Texto DSM IV - "Sem rumo"

Fiquei com vontade de fazer um conto para vocês hoje. Essa foi mais uma de minhas ideias durante o banho (ê loucura!). Ficou bem pequeno, isso é verdade. Também acabei fazendo uma ilustração bem pequena e simples, mas é mais porque o desenho que eu tinha feito ficou horrível. Então dei uma improvisada, fazendo uma montagem pelo Photoscape. Prometo que da próxima vez vou caprichar mais na ilustração, não se preocupem...
Aliás, quero agradecer muito pelo carinho de vocês ontem no meu aniversário, fico muito feliz por todos vocês fazerem parte da minha vida, ainda que virtualmente!!! Pude responder só à alguns, mas aqueles a quem não respondi, sintam-se abraçados por mim. Amo todos vocês!!!

Sem Rumo:


A rua não passava de um emaranhado de pernas vista do ponto onde ele se escondera. Abrigara-se atrás do tronco deteriorado de uma árvore, tentando decidir por qual caminho deveria seguir. Já passara dias e noites vagando sem rumo, perdido naquela selva cinzenta de metais e fumaça; e já se cansara demais daquela jornada interminável.
    As estradas entrecortavam-se, seguindo num labirinto infinito de vielas, becos, alamedas, avenidas... Aquelas placas em ambas as calçadas não faziam o mínimo sentido para ele, tudo o que poderia fazer era contemplá-las com o rosto exaurido de quem está extremamente gasto e infeliz.
    Era a primeira vez que saíra do conforto do seu lar e aquele acontecimento não poderia ser mais catastrófico. Ele não pensara nisso quando escapulira pelo portal aberto de sua casa. Não, jamais pensara que se sentiria tão mal em não reconhecer nenhum dos rostos ao seu redor, que se voltavam para todas as direções, ignorando sua presença. Eram pessoas altivas, que não se importavam com nada além de sua frívola vidinha. Ele também não tinha o menor interesse nelas, mas agradeceria se alguém pudesse ao menos indicar a direção certa para chegar ao seu porto seguro.

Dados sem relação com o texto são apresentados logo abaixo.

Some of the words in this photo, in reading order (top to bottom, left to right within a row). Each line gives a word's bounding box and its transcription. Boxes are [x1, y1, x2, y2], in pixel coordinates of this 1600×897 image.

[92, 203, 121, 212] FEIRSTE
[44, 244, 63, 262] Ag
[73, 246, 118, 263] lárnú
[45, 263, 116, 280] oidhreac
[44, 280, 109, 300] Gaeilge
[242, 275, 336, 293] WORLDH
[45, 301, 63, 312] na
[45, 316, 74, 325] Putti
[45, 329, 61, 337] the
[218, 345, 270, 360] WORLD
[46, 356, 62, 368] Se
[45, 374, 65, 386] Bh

    Aproveitou, então, um bando que se acotovelava para atravessar a rua e seguiu pela faixa de pedestre, chegando à esquina oposta no mesmo instante que o relógio da catedral soava o meio-dia. Estava numa rua de altos prédios, grandes arranha-céus que se erguiam insensivelmente a muitos metros acima de sua pequenez. Certamente não era essa a sua rua. Lá a situação era oposta: as casas eram pequenas e acolhedoras e o ar portava uma espécie de jovialidade e alegria que também se alastrava pela atmosfera de toda a redondeza. Geralmente, crianças conseguiam brincar no meio da estrada, tendo de se abrigar apenas a cada meia hora, quando um carro ou outro passava despreocupadamente — geralmente um morador próximo seguindo para sua labuta diária.
    Mas aquele lugar fedia a abandono. Era apenas uma gélida avenida qualquer, onde não havia o mínimo indício de calor humano. Os carros passavam a toda velocidade, seus ocupantes sempre com pressa, esbaforidos para não perder tempo, nem dinheiro. Não passavam de uma miríade de infelizes animais apressados.

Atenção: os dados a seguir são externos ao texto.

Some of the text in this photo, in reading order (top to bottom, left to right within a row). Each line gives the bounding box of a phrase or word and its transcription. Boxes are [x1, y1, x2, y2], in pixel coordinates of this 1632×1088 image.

    O sol estava a pino e ele seguiu pela gloriosa sombra das marquises. Não sabia até que ponto ficaria andando por essas ruas sem direção certa. Talvez teria de encontrar um novo lugar para viver, mas essa atitude não o consolava. Não queria apartar-se daqueles que amava, recusava terminantemente a ideia de ter de se adaptar a uma nova vida solitária.

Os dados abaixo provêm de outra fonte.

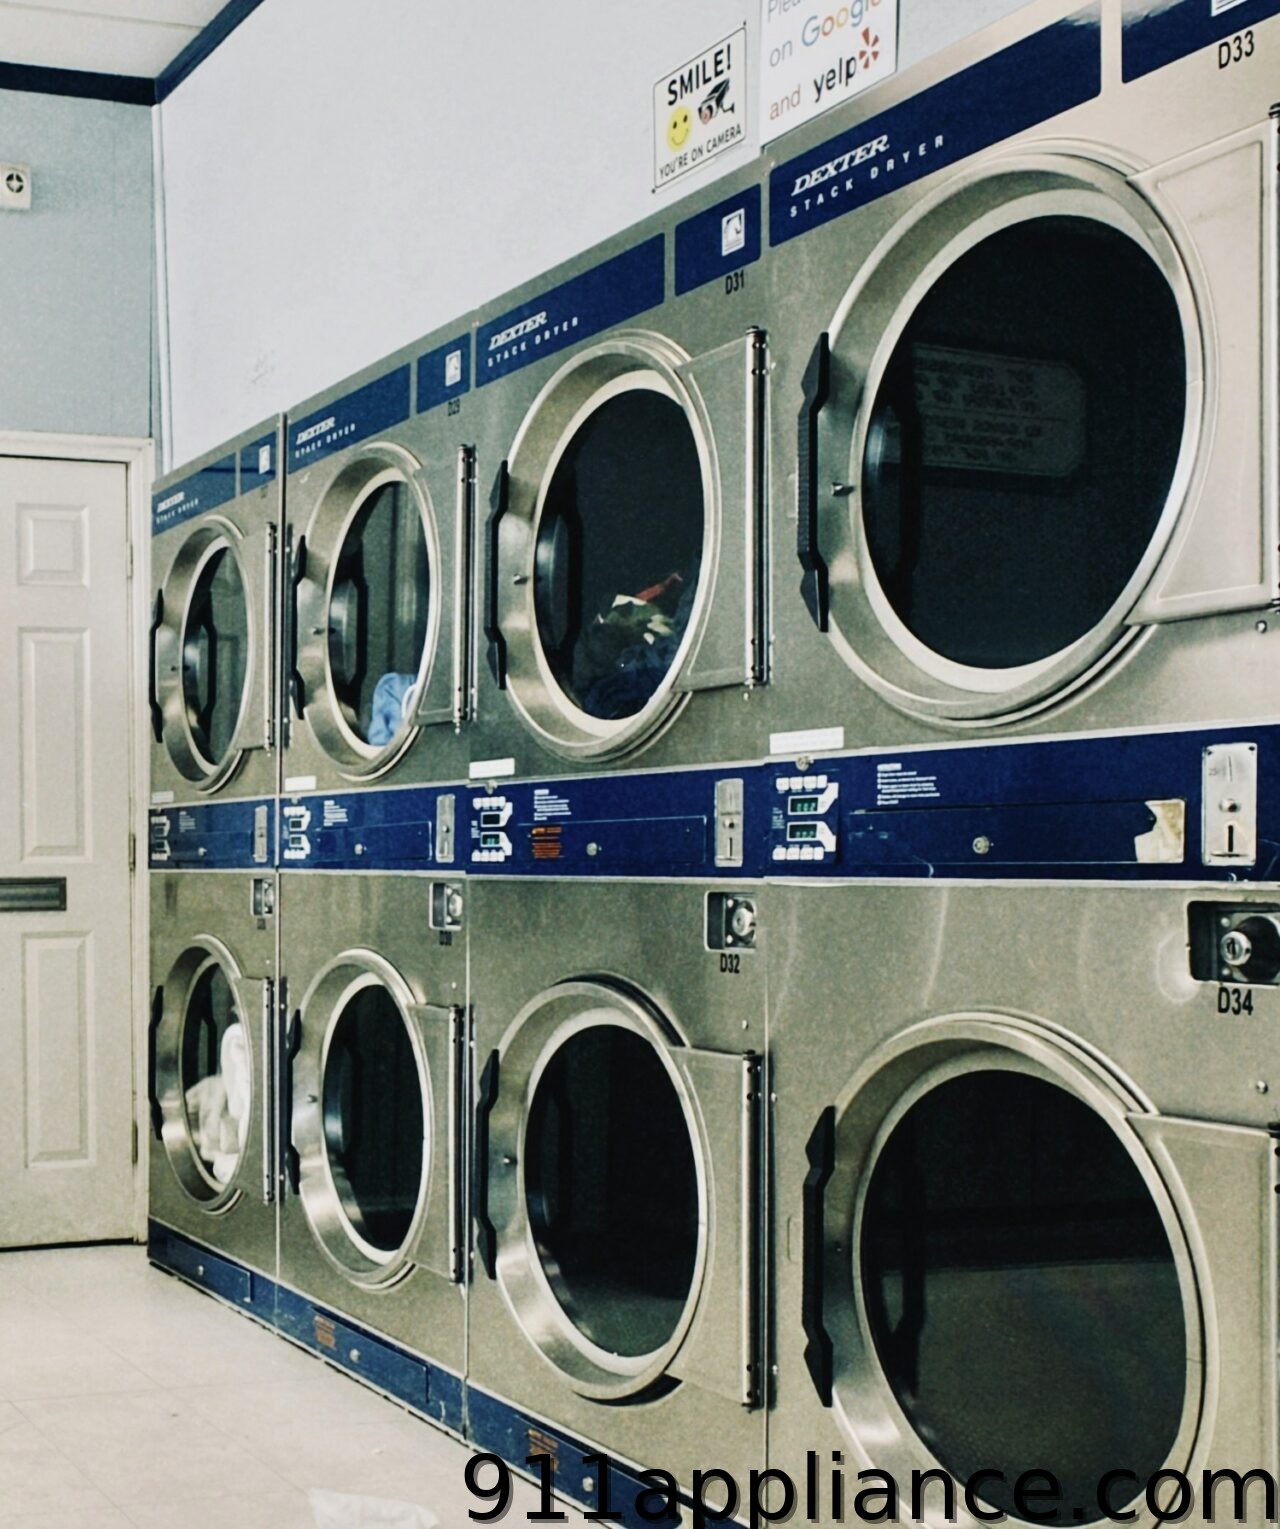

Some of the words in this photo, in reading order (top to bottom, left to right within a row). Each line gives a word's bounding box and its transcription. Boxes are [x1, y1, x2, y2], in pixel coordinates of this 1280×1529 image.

[769, 40, 793, 67] on
[1218, 30, 1255, 70] D33
[667, 42, 731, 106] SMILE!
[769, 82, 801, 120] and
[813, 56, 857, 103] yelp
[658, 151, 689, 179] YOU'RE
[691, 144, 704, 162] ON
[706, 123, 742, 154] CAMERA
[790, 134, 890, 197] DEXTER
[790, 178, 853, 218] STACK
[870, 134, 944, 180] DRYER
[725, 269, 745, 295] D31
[488, 311, 548, 351] DEXTER
[720, 953, 741, 974] D32
[1217, 986, 1254, 1016] D34
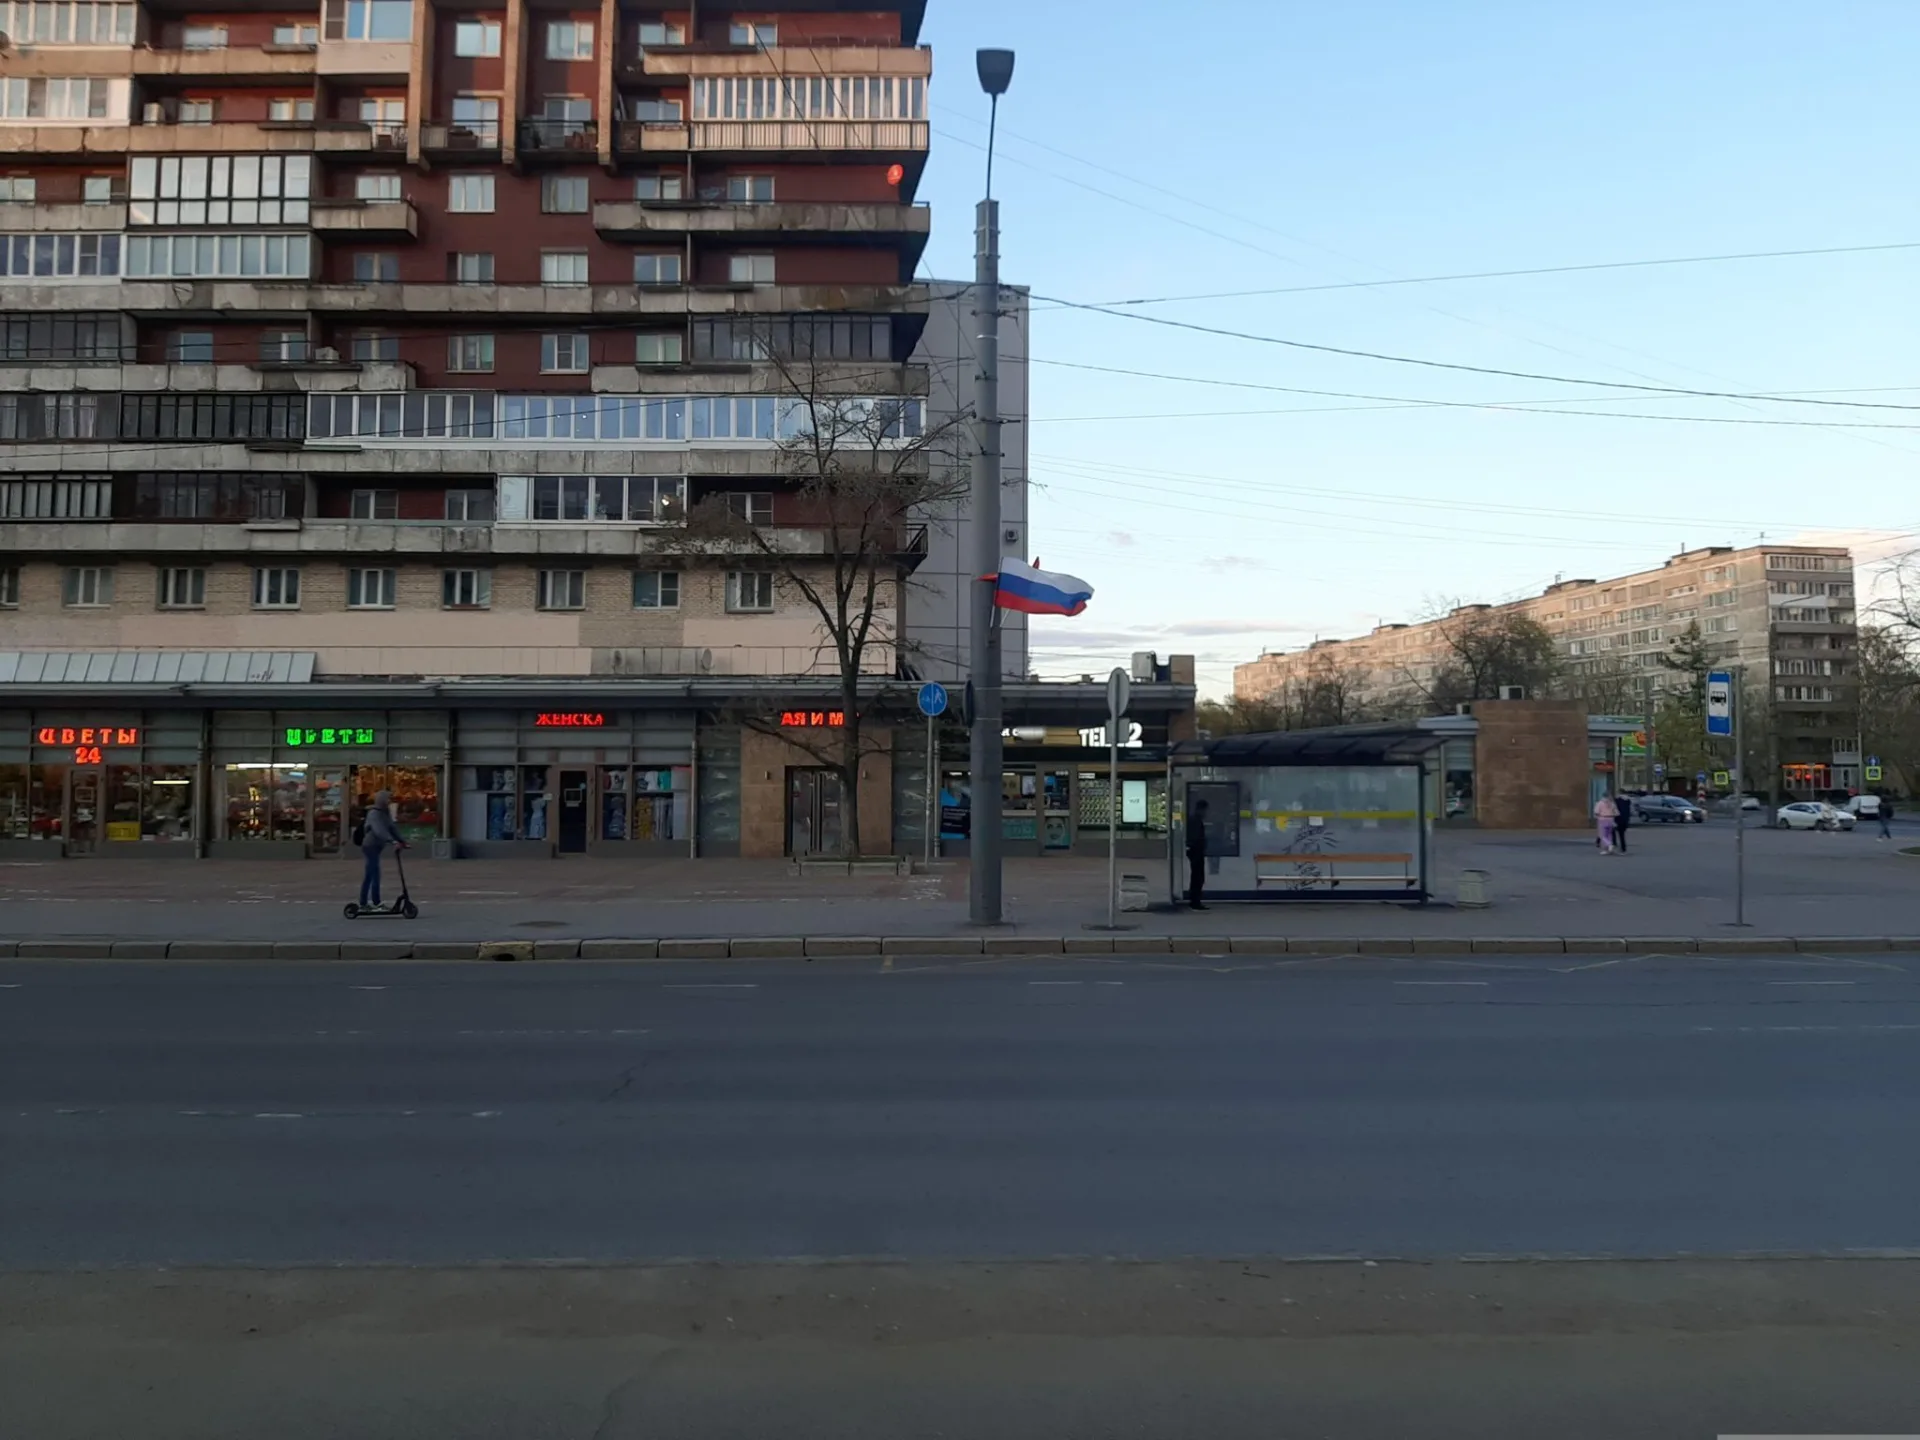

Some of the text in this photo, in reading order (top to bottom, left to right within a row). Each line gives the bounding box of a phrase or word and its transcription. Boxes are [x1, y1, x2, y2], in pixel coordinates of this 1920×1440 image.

    Quando chegou à rua transversal, ladeada de lojas e ambulantes barulhentos, mal pôde acreditar no que avistara ao longe. Ela estava na calçada oposta, parada. Olhava para os lados, com o cenho franzido, numa expressão de angústia. Será que procurava por ele? Estaria sentindo o mesmo grau de saudades? Será que sofria com sua ausência?
    Encheu-se então de euforia quando atravessou a rua, quase sendo atropelado por uma moto que disparava pelo asfalto quente, muito além do limite de velocidade permitido. Ela ainda demorou uns segundos para perceber que ele acercara-se, e abriu um largo sorriso ao reconhecê-lo.
    — Que susto você me deu, menino! — disse a garota, parecendo mais aliviada do que brava. — Nunca mais faça isso comigo, heim!
    Ela agachou-se para acariciá-lo e ele latiu carinhosamente para sua dona. Já não havia mais perigo, nem saudades. Estavam juntos novamente e não poderia haver nada do mundo melhor do que isso.

(Sheila Lima Wing)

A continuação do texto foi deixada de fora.